Recorded data:
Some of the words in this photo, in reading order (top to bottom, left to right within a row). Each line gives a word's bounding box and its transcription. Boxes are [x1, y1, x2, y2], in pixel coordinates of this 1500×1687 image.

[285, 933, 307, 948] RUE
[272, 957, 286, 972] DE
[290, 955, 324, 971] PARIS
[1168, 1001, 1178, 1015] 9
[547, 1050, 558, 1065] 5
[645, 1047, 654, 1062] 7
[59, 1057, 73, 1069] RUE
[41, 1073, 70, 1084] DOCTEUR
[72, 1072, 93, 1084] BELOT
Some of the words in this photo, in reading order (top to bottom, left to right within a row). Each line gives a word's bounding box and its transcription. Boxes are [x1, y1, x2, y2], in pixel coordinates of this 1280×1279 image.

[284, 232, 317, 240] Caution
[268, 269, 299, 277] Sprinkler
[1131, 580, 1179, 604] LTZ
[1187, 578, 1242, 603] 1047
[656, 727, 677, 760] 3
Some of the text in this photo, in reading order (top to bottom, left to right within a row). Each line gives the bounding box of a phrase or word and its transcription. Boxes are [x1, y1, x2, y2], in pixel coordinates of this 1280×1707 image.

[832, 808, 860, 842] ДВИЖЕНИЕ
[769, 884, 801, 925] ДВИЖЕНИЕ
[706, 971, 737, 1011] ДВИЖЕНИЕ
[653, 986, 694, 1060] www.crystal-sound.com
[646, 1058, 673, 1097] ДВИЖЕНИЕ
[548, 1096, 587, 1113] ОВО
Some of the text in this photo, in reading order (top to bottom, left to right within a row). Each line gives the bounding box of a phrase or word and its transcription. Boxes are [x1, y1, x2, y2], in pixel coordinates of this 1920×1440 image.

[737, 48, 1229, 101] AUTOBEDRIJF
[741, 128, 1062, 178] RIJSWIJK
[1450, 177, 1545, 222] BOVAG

Task to complete:
Could you reproduce the data above exactly as given?

Exercise answer:
Some of the words in this photo, in reading order (top to bottom, left to right within a row). Each line gives a word's bounding box and its transcription. Boxes are [x1, y1, x2, y2], in pixel coordinates of this 1500×1687 image.

[285, 933, 307, 948] RUE
[272, 957, 286, 972] DE
[290, 955, 324, 971] PARIS
[1168, 1001, 1178, 1015] 9
[547, 1050, 558, 1065] 5
[645, 1047, 654, 1062] 7
[59, 1057, 73, 1069] RUE
[41, 1073, 70, 1084] DOCTEUR
[72, 1072, 93, 1084] BELOT
Some of the words in this photo, in reading order (top to bottom, left to right within a row). Each line gives a word's bounding box and its transcription. Boxes are [x1, y1, x2, y2], in pixel coordinates of this 1280×1279 image.

[284, 232, 317, 240] Caution
[268, 269, 299, 277] Sprinkler
[1131, 580, 1179, 604] LTZ
[1187, 578, 1242, 603] 1047
[656, 727, 677, 760] 3
Some of the text in this photo, in reading order (top to bottom, left to right within a row). Each line gives the bounding box of a phrase or word and its transcription. Boxes are [x1, y1, x2, y2], in pixel coordinates of this 1280×1707 image.

[832, 808, 860, 842] ДВИЖЕНИЕ
[769, 884, 801, 925] ДВИЖЕНИЕ
[706, 971, 737, 1011] ДВИЖЕНИЕ
[653, 986, 694, 1060] www.crystal-sound.com
[646, 1058, 673, 1097] ДВИЖЕНИЕ
[548, 1096, 587, 1113] ОВО
Some of the text in this photo, in reading order (top to bottom, left to right within a row). Each line gives the bounding box of a phrase or word and its transcription. Boxes are [x1, y1, x2, y2], in pixel coordinates of this 1920×1440 image.

[737, 48, 1229, 101] AUTOBEDRIJF
[741, 128, 1062, 178] RIJSWIJK
[1450, 177, 1545, 222] BOVAG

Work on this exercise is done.